I’m integrating a Wifi/BT m.2 module on the Jetson Nano. I’ve recompiled the kernel, compiled backport modules for the radio module, and got all this flashed to the target.
The module has a USB (Wifi) / UART (Bluetooth) interface. The Wifi interface comes up without issue. It’s the Bluetooth side when running btattach it rarely attaches:
sudo btattach -B /dev/ttyTHS2 -P h4 -S 3000000 &
If I first do a sudo su, then do the attach it works every time.
btattach -B /dev/ttyTHS2 -P h4 -S 3000000 &
At first I thought maybe hardware flow was not on, but I can’t tell. Can someone tell me if hardware flow is on by default for /dev/ttyTHS2?
If hardware flow is on why would this work every time under sudo su, but not sudo?
There should be almost no difference. If you use “sudo ...something...”, and compare it to “sudo su”, then the difference is not in permissions, but is instead a difference in environment variables. The “sudo ...something...” can inherit some of the original user’s environment. If in both cases you ran the command “printenv”, then you would find some of those variables differ.

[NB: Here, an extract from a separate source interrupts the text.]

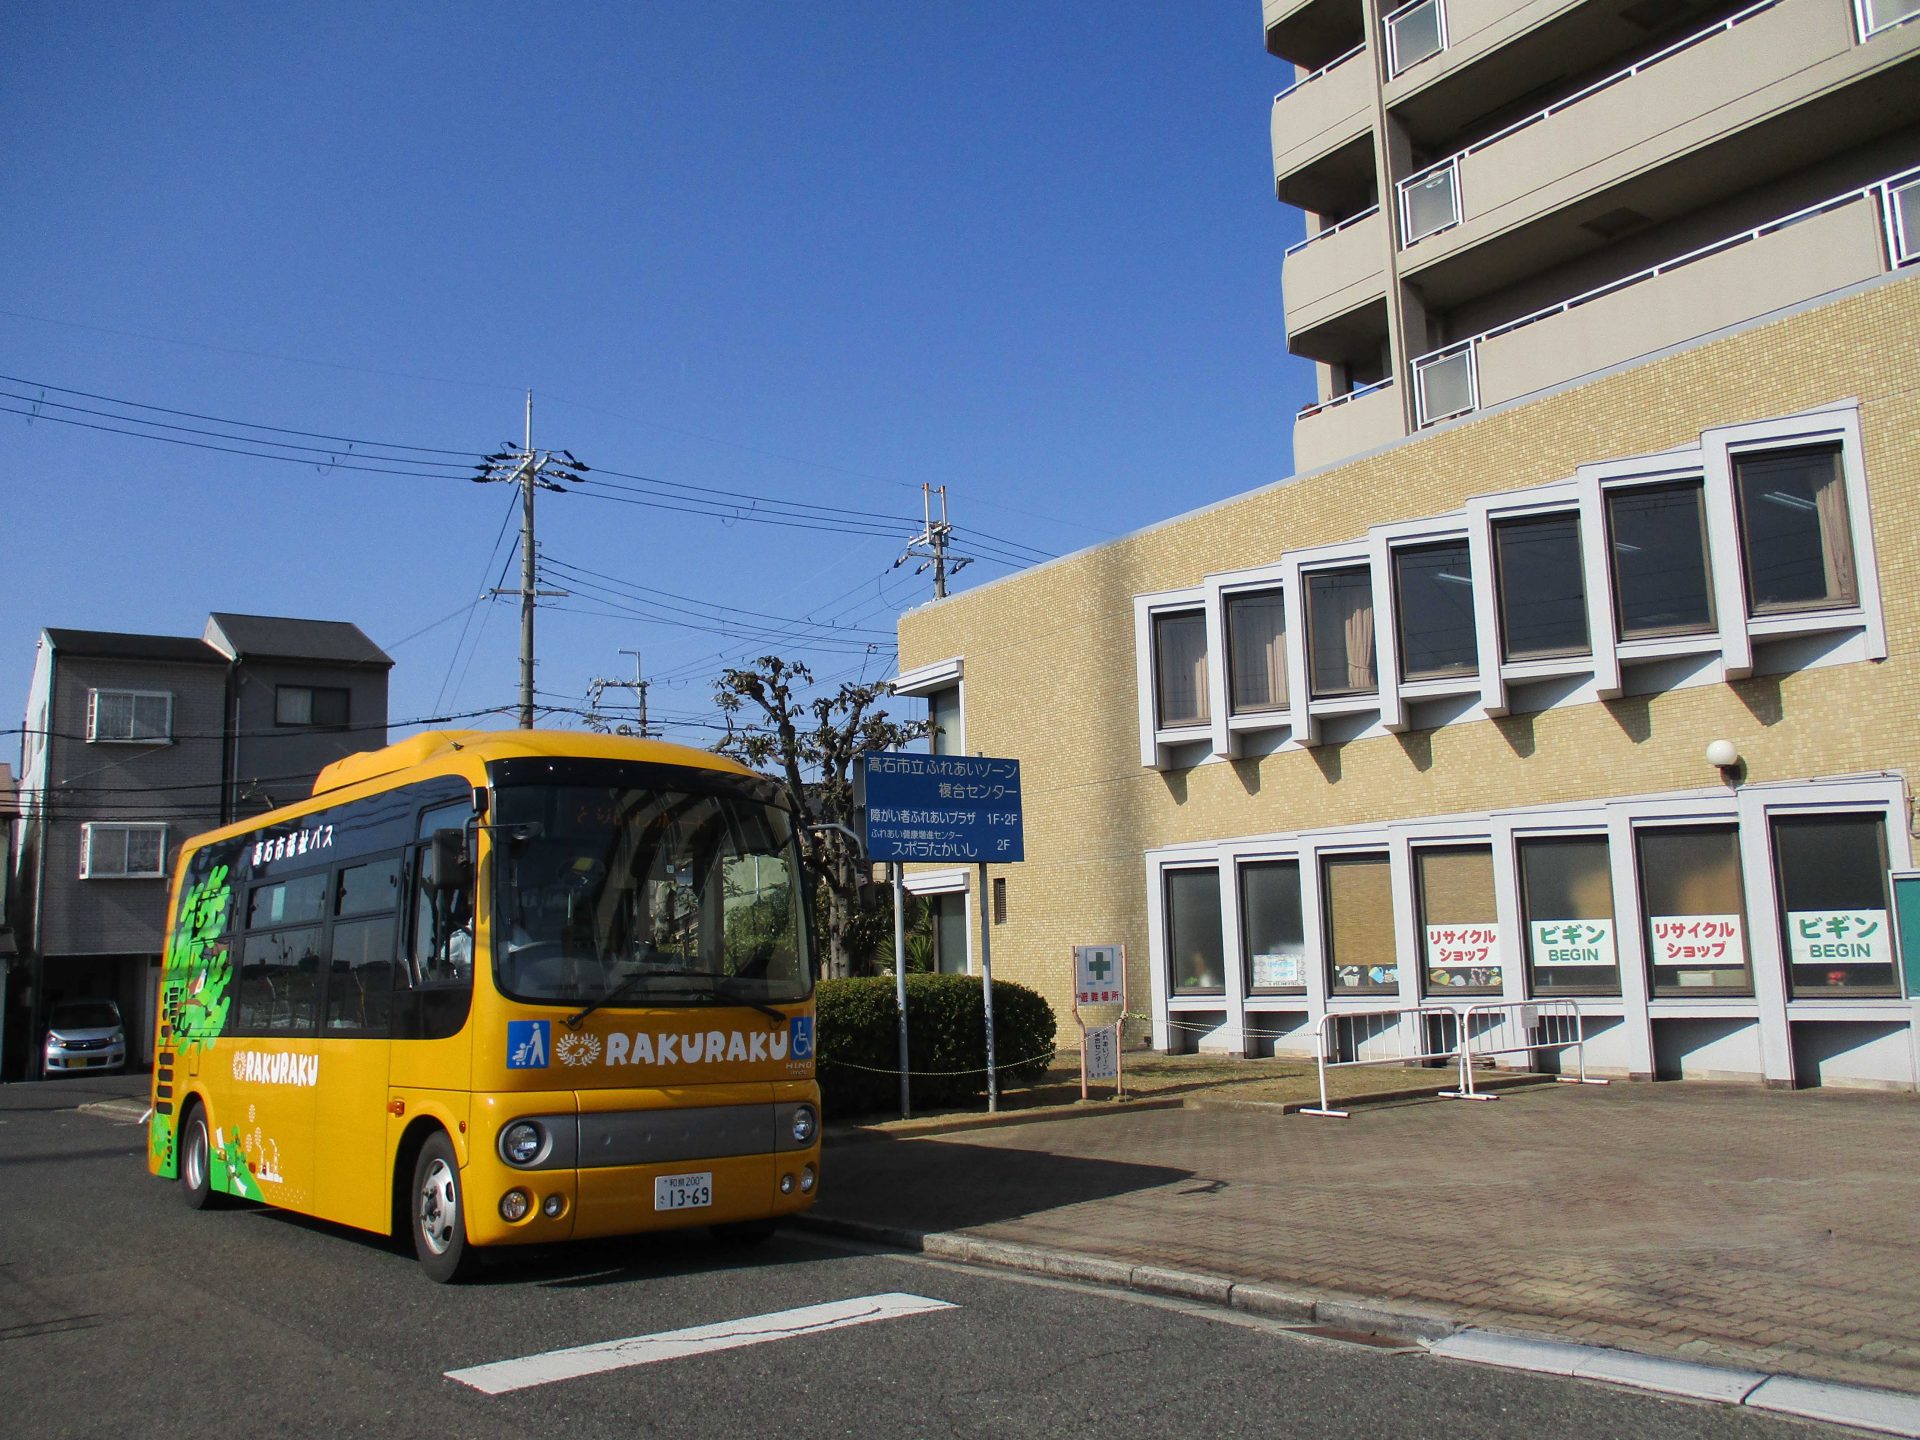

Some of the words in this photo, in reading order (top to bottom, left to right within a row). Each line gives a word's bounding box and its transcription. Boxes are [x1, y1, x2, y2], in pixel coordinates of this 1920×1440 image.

The real question is what do you see from “ls -l /dev/ttyTHS2”? It should have a “group” assigned to it, and if it has serial console, then the group will be “tty”, whereas a serial UART which is open for you to use would be group “dialout”. Rather than using sudo (or sudo su) you should add your regular user to supplemental group “dialout” (assumes it is group dialout). Example if the user name is “someone”: sudo -aG dialout someone
After that your regular user should be able to use the UART. Not sure why your environment for sudo and sudo su would cause a failure, but consider that environment might cause different files to be in a path in different order. Do you get this error if you add your regular user to group dialout, and then try to run the command without sudo?